» **Work to complete**
Your copy of the entries must be exact, and it must not include the pictures.

» **Records supplied**
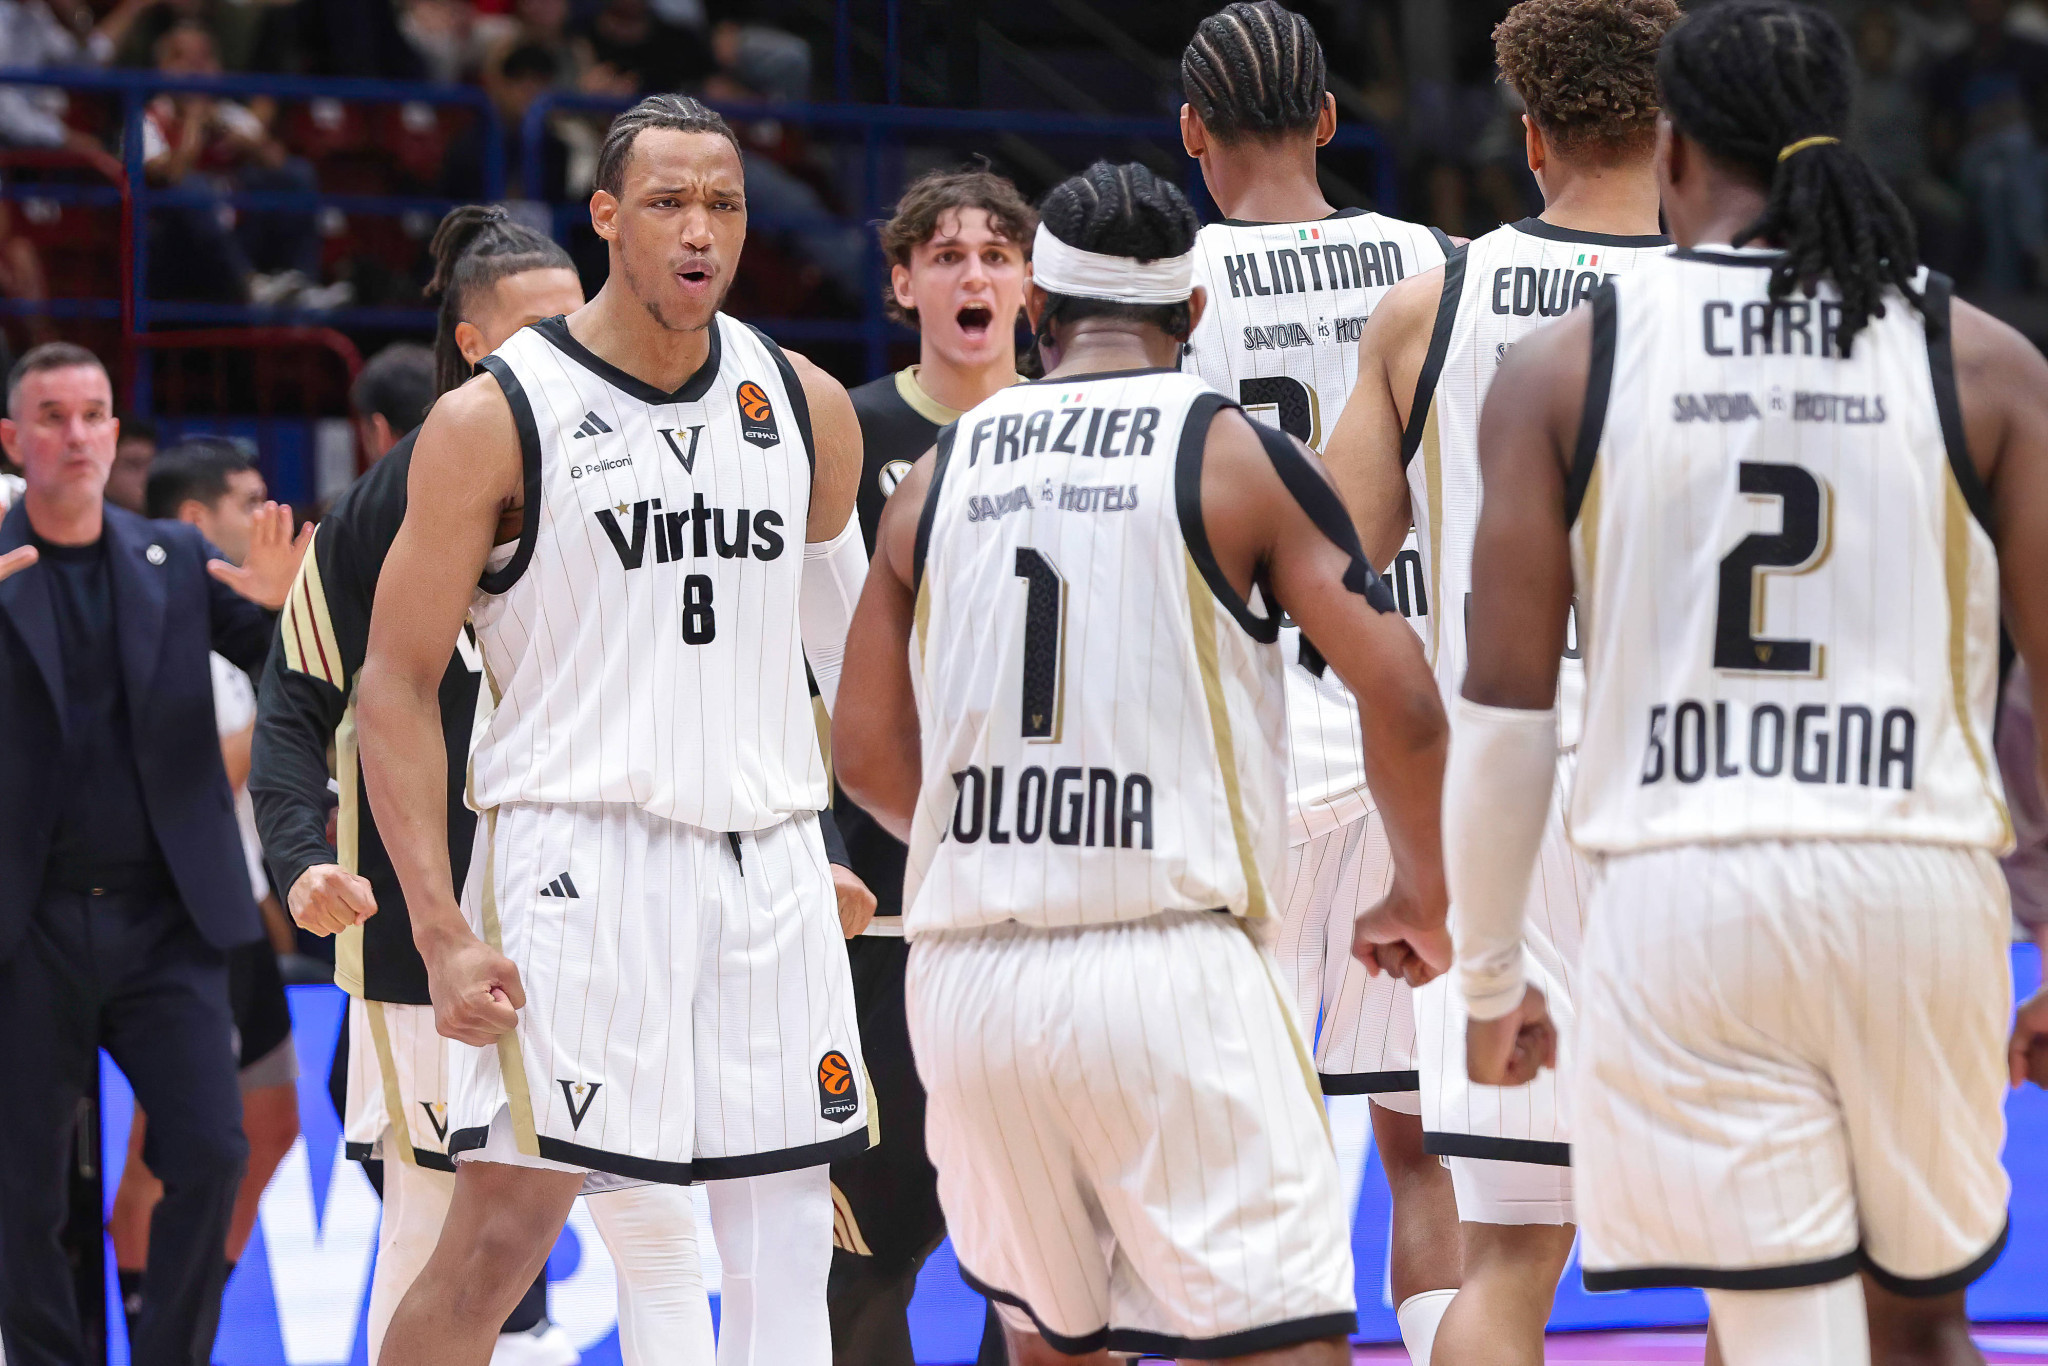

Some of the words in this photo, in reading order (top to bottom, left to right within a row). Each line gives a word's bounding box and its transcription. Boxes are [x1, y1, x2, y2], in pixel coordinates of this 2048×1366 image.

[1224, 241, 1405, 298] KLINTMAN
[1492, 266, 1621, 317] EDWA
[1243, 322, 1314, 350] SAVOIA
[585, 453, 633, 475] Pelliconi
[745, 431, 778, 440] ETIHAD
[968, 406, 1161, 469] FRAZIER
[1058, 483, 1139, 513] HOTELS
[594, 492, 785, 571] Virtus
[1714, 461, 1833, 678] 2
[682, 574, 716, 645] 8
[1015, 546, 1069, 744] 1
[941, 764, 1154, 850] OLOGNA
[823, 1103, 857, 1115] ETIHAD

» **Solution to the problem**
Some of the words in this photo, in reading order (top to bottom, left to right within a row). Each line gives a word's bounding box and its transcription. Boxes are [x1, y1, x2, y2], in pixel coordinates of this 2048×1366 image.

[1224, 241, 1405, 298] KLINTMAN
[1492, 266, 1621, 317] EDWA
[1243, 322, 1314, 350] SAVOIA
[585, 453, 633, 475] Pelliconi
[745, 431, 778, 440] ETIHAD
[968, 406, 1161, 469] FRAZIER
[1058, 483, 1139, 513] HOTELS
[594, 492, 785, 571] Virtus
[1714, 461, 1833, 678] 2
[682, 574, 716, 645] 8
[1015, 546, 1069, 744] 1
[941, 764, 1154, 850] OLOGNA
[823, 1103, 857, 1115] ETIHAD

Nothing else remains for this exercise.